What to produce: Copy every record exactly, leaving the pictures out.
--- Supplied material Enclosed Below ---
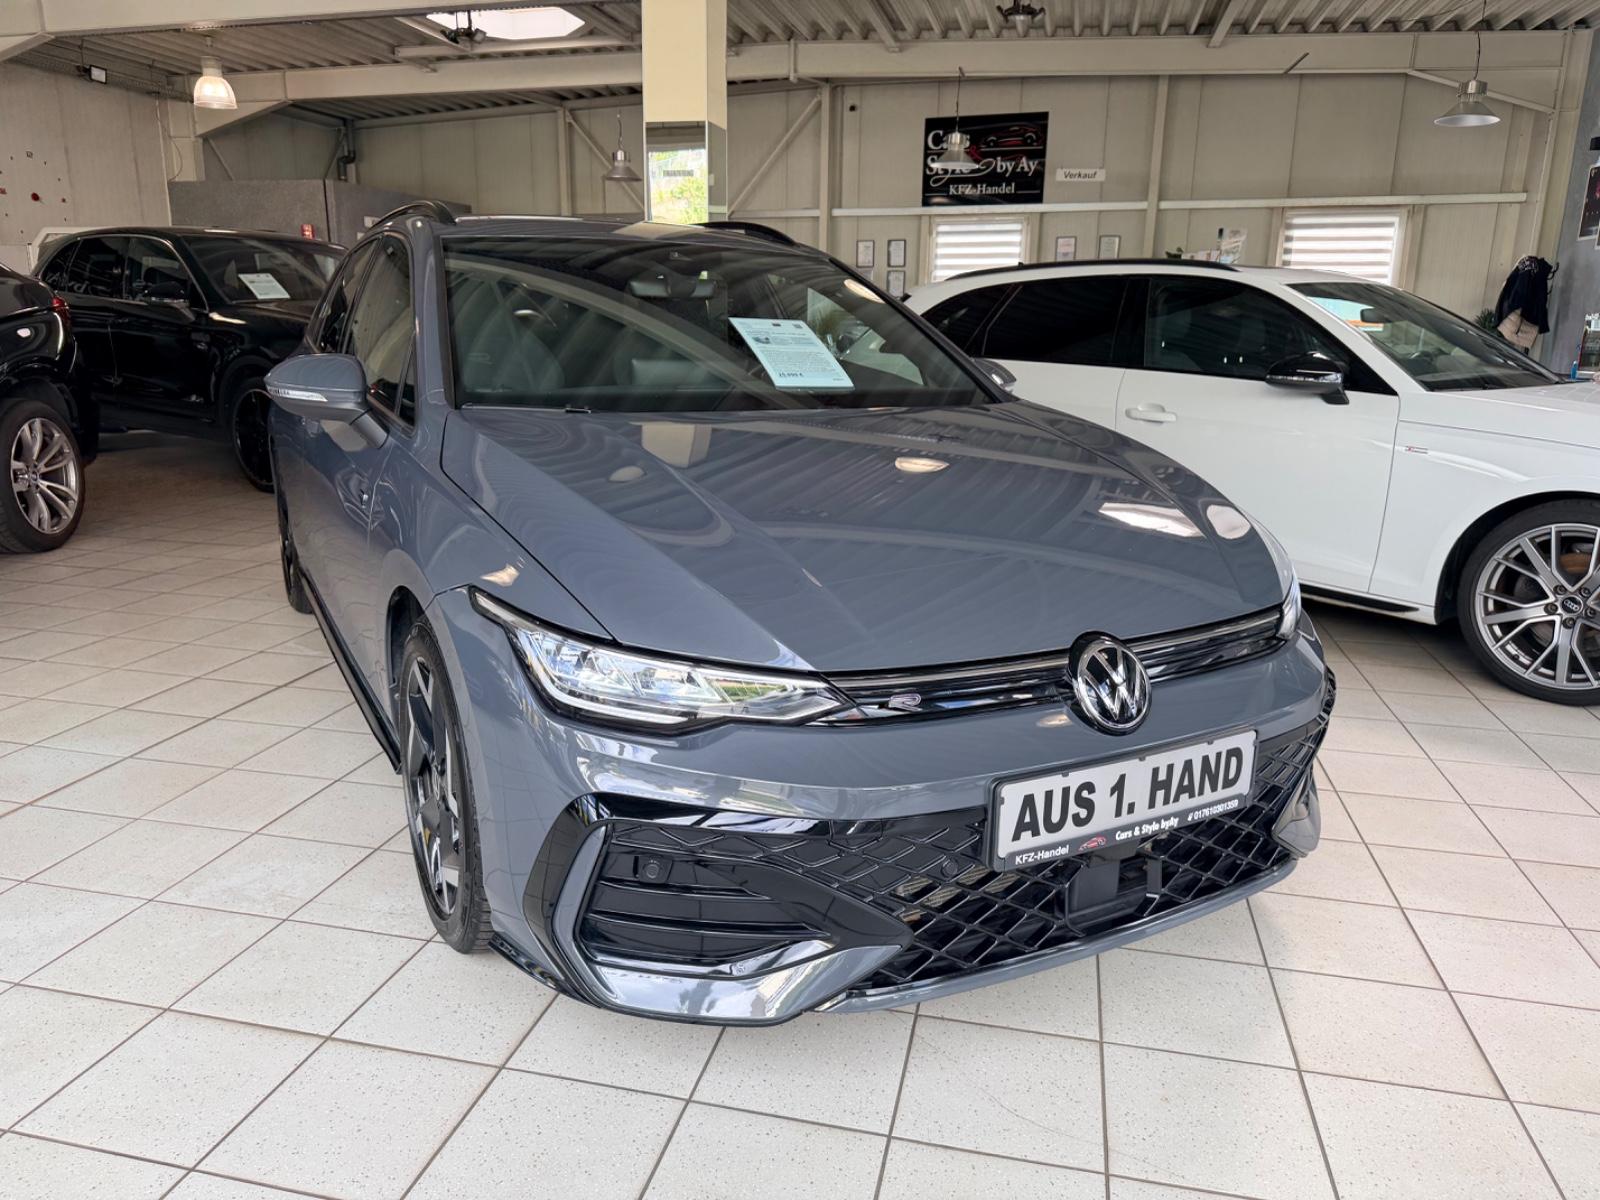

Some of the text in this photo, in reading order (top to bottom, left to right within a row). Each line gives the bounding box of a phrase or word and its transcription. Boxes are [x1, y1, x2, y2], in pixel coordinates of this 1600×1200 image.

[996, 157, 1016, 178] by
[1016, 156, 1039, 177] Ay
[1063, 170, 1098, 179] Verkauf
[949, 182, 1016, 196] KFZ-Handel
[1011, 746, 1244, 843] AUS 1. HAND
[1014, 844, 1070, 866] KFZ-Handel
[1115, 827, 1133, 841] Cars
[1133, 825, 1141, 836] &
--- End of Enclosed Supplied material ---
Expected output:
Some of the text in this photo, in reading order (top to bottom, left to right within a row). Each line gives the bounding box of a phrase or word and its transcription. Boxes are [x1, y1, x2, y2], in pixel coordinates of this 1600×1200 image.

[996, 157, 1016, 178] by
[1016, 156, 1039, 177] Ay
[1063, 170, 1098, 179] Verkauf
[949, 182, 1016, 196] KFZ-Handel
[1011, 746, 1244, 843] AUS 1. HAND
[1014, 844, 1070, 866] KFZ-Handel
[1115, 827, 1133, 841] Cars
[1133, 825, 1141, 836] &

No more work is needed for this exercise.